John Tredennick started a focus on legal technology in 1988—back when law firms saw it as something limited to fancy computers and adding machines. He asked Holland & Hart, the Denver-based firm where he was a partner, to add the words chief information officer to his title. Inspiration came from an American Bar Association conference.

“The thing I took out of the conference was one simple line: Leaders step forward; they are not selected,” says Tredennick, a Legal Rebels Trailblazer. Technology, he told Holland & Hart, could be used strategically in litigation.

“You need a leader, not just somebody on staff but somebody who understands the bigger vision of the firm—where we fit in the legal landscape and how we can harness technology to get us where we want to be,” Tredennick told partners. “I said, ‘I want to be that leader,’ and they made me the technology partner.”

To be taken seriously, he knew he had to keep trying cases while he worked as his firm’s chief legal officer.

“That’s probably why I succeeded,” says Tredennick, 64. He also helped start Trial Partners, a Holland & Hart business that provided other lawyers with trial graphics, jury consultants and mock trial offerings. He now is the CEO at Catalyst, an e-discovery group he founded in 2000.

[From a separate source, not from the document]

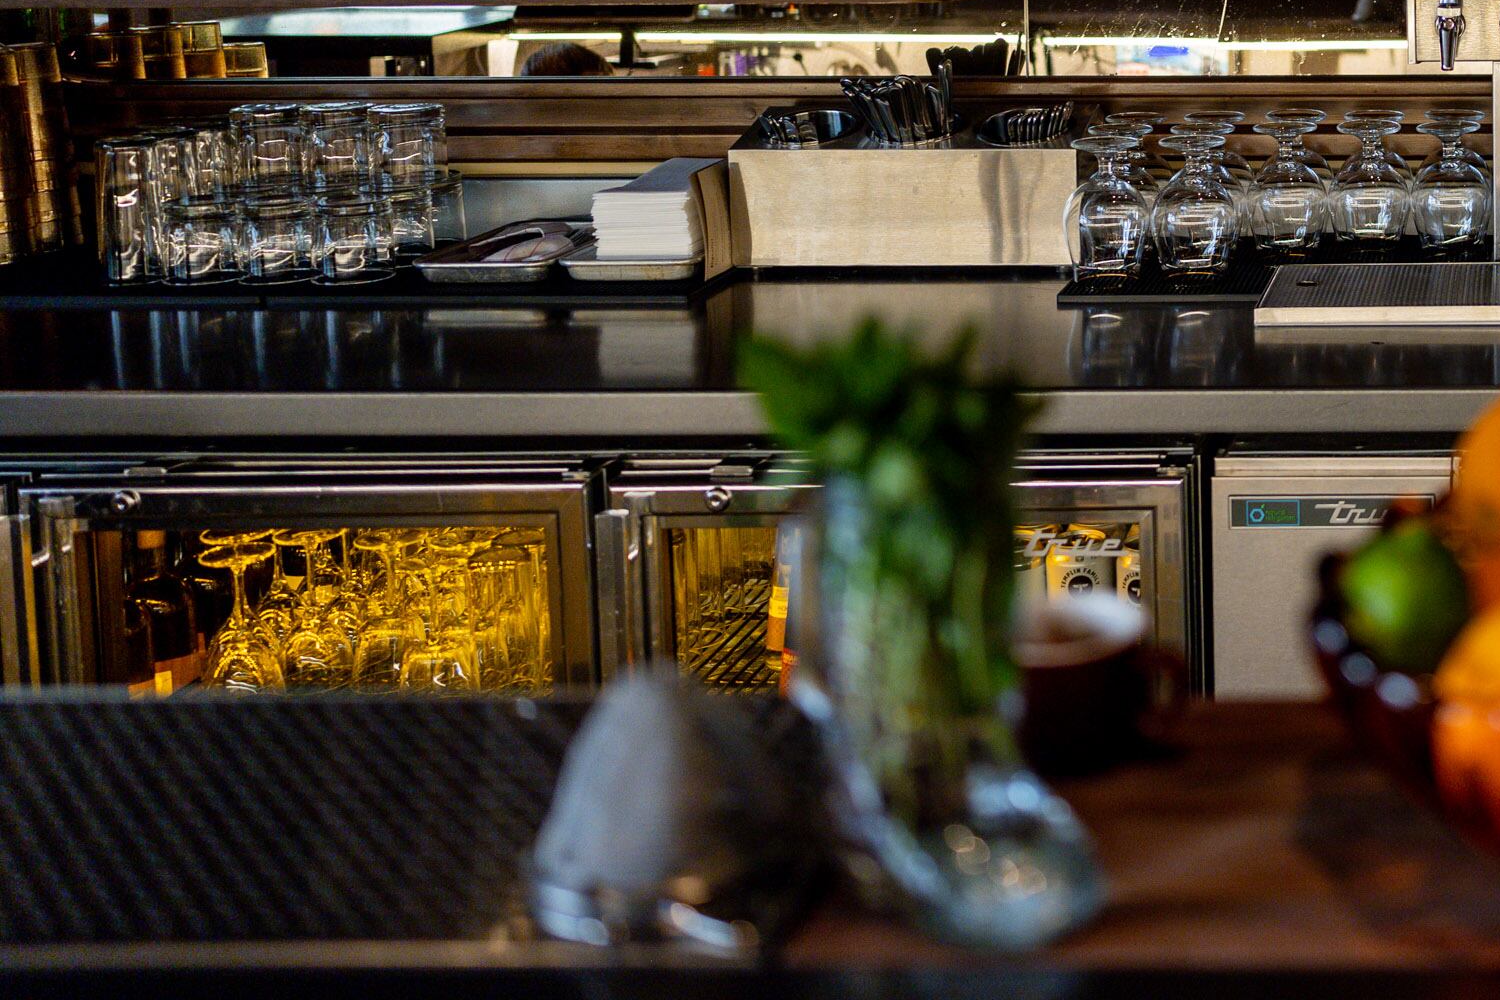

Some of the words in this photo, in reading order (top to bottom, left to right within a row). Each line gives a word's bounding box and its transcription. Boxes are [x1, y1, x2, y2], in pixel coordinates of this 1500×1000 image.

[1023, 529, 1130, 557] true
[1060, 568, 1081, 588] TEMPLIN
[1083, 567, 1100, 585] FAMILY

Recently, more law schools claim their students are interested in JD-advantage jobs in the legal technology sector. For those looking for work in the field, Tredennick advises seeing technology as part of a legal strategy rather than a product to sell.

“In the end, this is about going into court and telling your story. Everything in the legal process … all has to be tuned toward that,” says Tredennick, a 1979 graduate of the University of Virginia School of Law. “If you position yourself as understanding the big picture—not just what features a product has or how to do a review but understanding the big picture and goals—you’re going to gain the respect of the trial team. They will see you as an equal part of the team and not just a vendor.”